Auffällig ist, wie lange sich das Produkt trotzdem hält. Es ist gut verträglich, es schmeckt
inzwischen ordentlich, und die Vorstellung, im Training „den Muskel zu schützen“, ist griffiger
als die Rechnung mit der Gesamteiweißmenge.
Die einfachere Rechnung
Wer 1,6 g Eiweiß je Kilogramm Körpergewicht zu sich nimmt — die Größenordnung, bei der
Kraftsportstudien den Nutzen sehen — nimmt damit automatisch 10 bis 15 g BCAA am Tag auf. Ein
Portionsbeutel liefert 5 g.
Ein Glas Milch, ein Becher Magerquark oder ein Löffel Molkenprotein leisten dasselbe zu
geringeren Kosten und mit vollständigem Aminosäuremuster. Wer nüchtern trainiert und trotzdem
etwas im Magen haben will, greift sinnvoller zu EAA als zu BCAA.
Ein offener Punkt zur Vorsicht
Beobachtungsstudien finden bei Menschen mit Insulinresistenz und Typ-2-Diabetes erhöhte
BCAA-Spiegel im Blut.

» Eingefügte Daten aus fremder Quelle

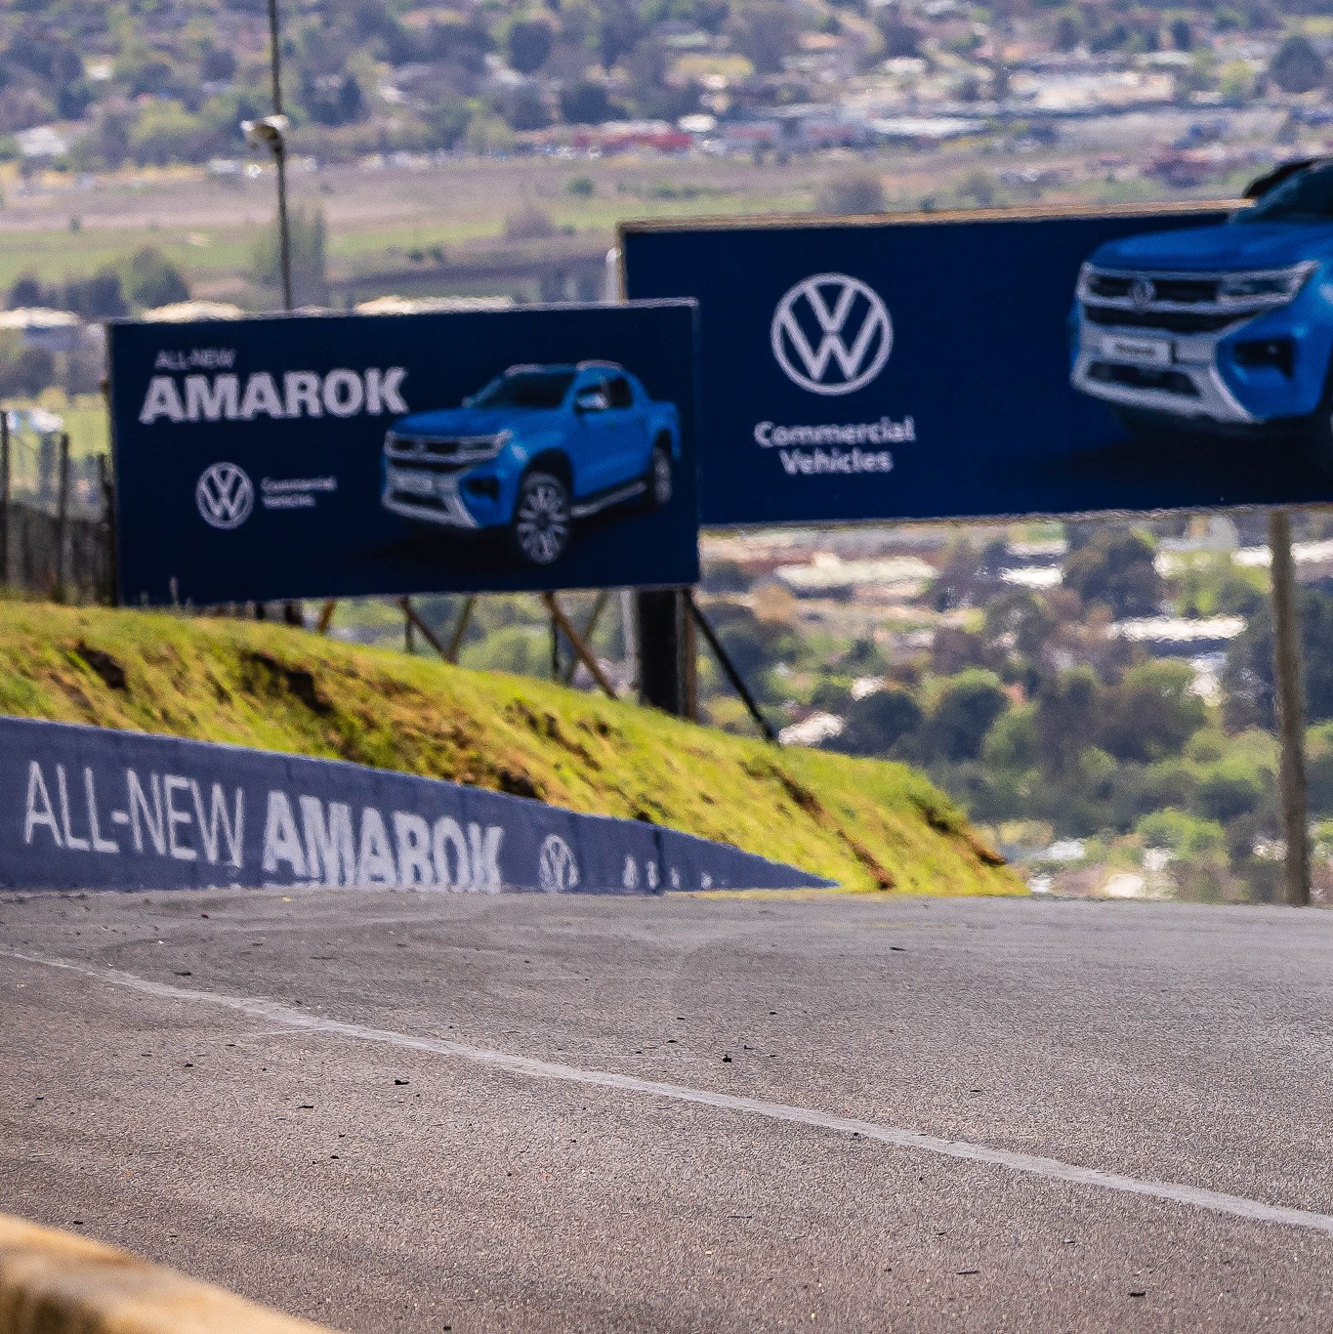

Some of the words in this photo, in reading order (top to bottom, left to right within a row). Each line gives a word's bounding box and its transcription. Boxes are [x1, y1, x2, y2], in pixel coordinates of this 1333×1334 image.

[139, 367, 410, 424] AMAROK
[754, 416, 916, 448] Commercial
[779, 447, 894, 475] Vehicles
[24, 760, 244, 868] ALL-NEW
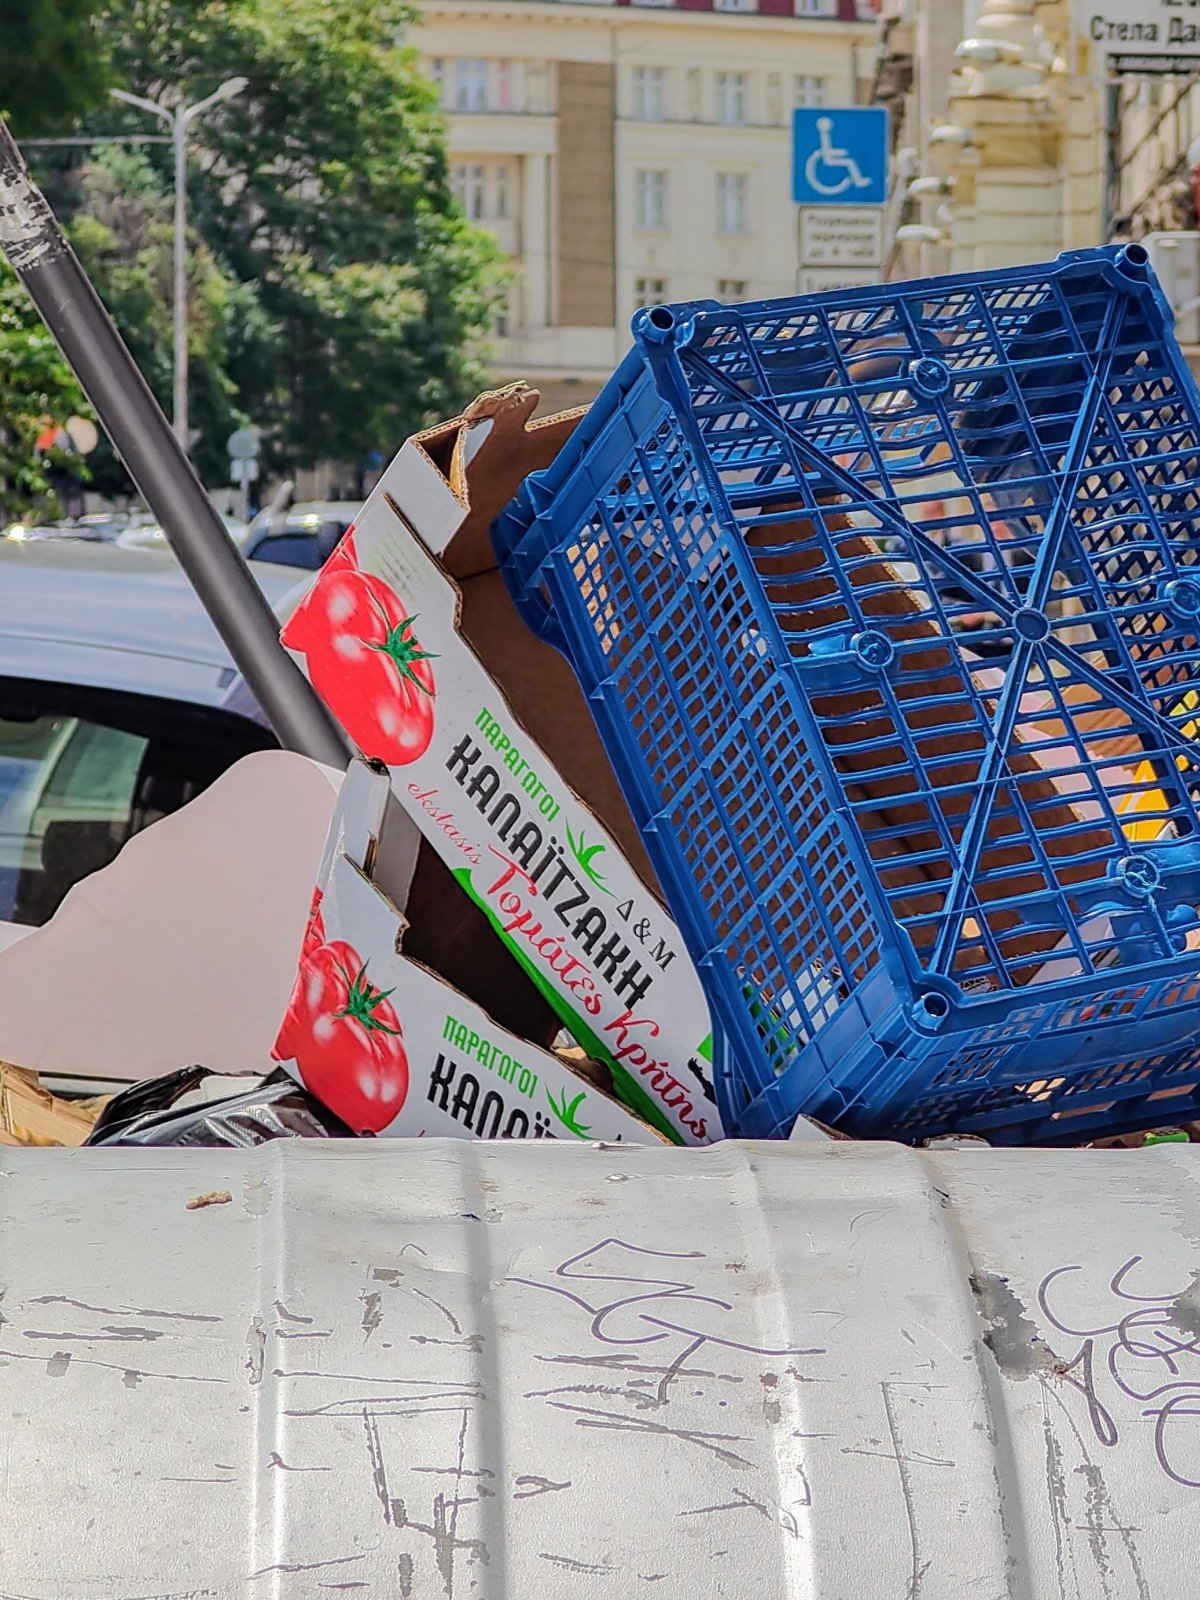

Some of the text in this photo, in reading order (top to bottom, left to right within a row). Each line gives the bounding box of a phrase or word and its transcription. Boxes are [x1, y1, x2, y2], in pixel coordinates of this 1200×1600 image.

[1090, 15, 1159, 42] Стела
[407, 782, 481, 865] ekstasis
[633, 918, 651, 945] &
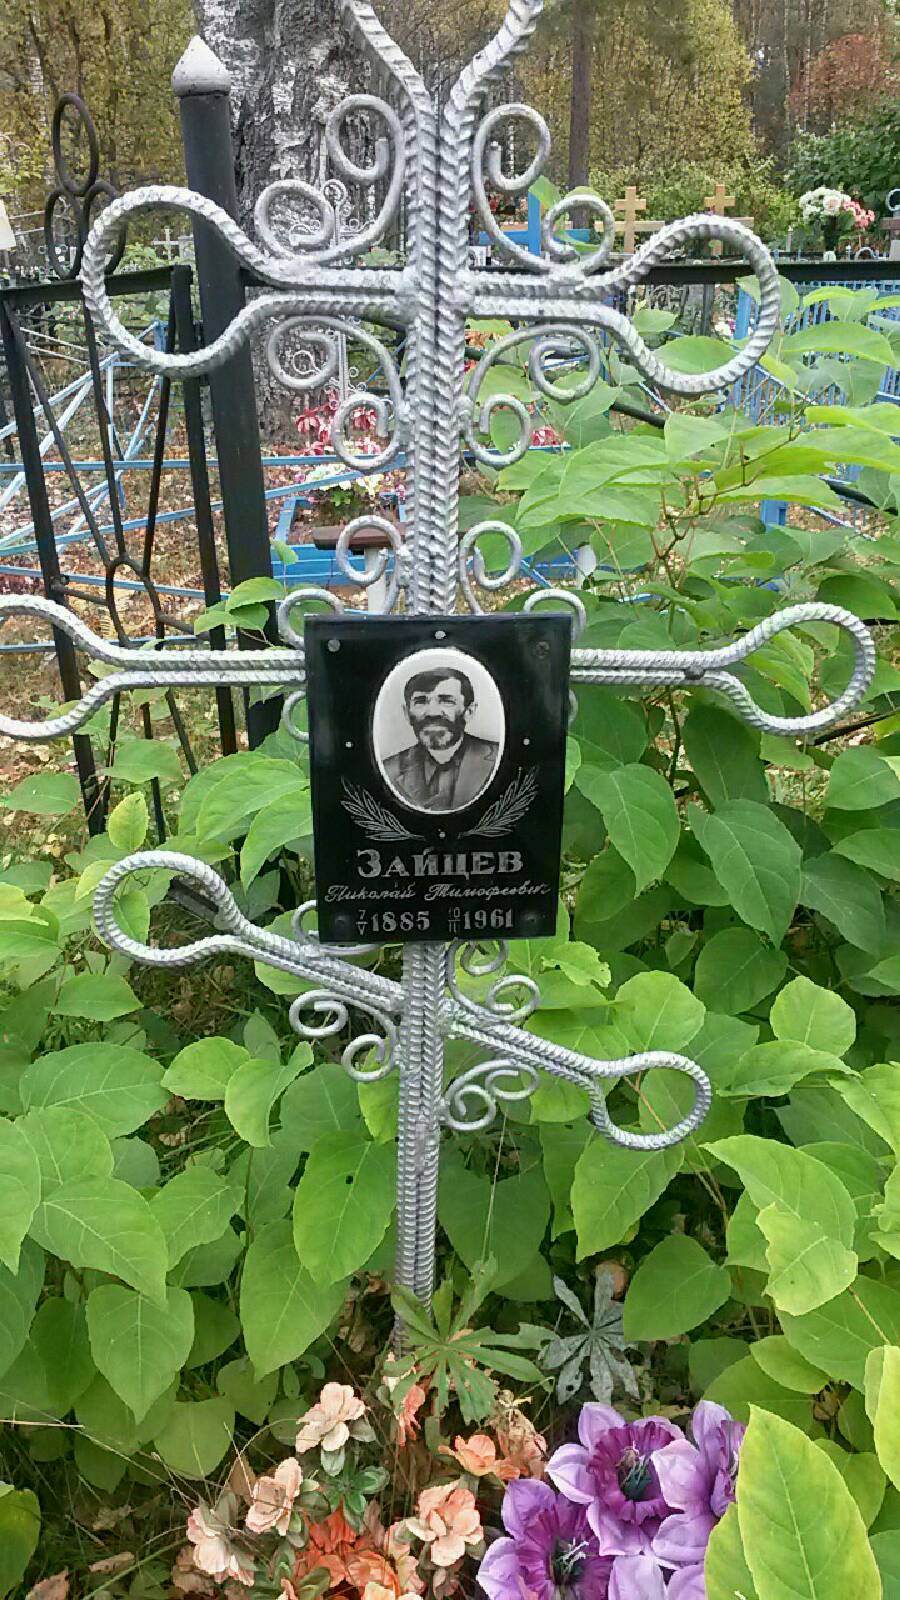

Ob die BCAA den Stoffwechselzustand mitverursachen oder nur ein Ausdruck
davon sind, ist ungeklärt.
Für gesunde Sportler folgt daraus nichts Praktisches. Es ist aber ein Grund, hohe Dosierungen
über lange Zeiträume nicht für selbstverständlich unbedenklich zu halten — bei einem Präparat,
dessen Nutzen ohnehin nicht belegt ist.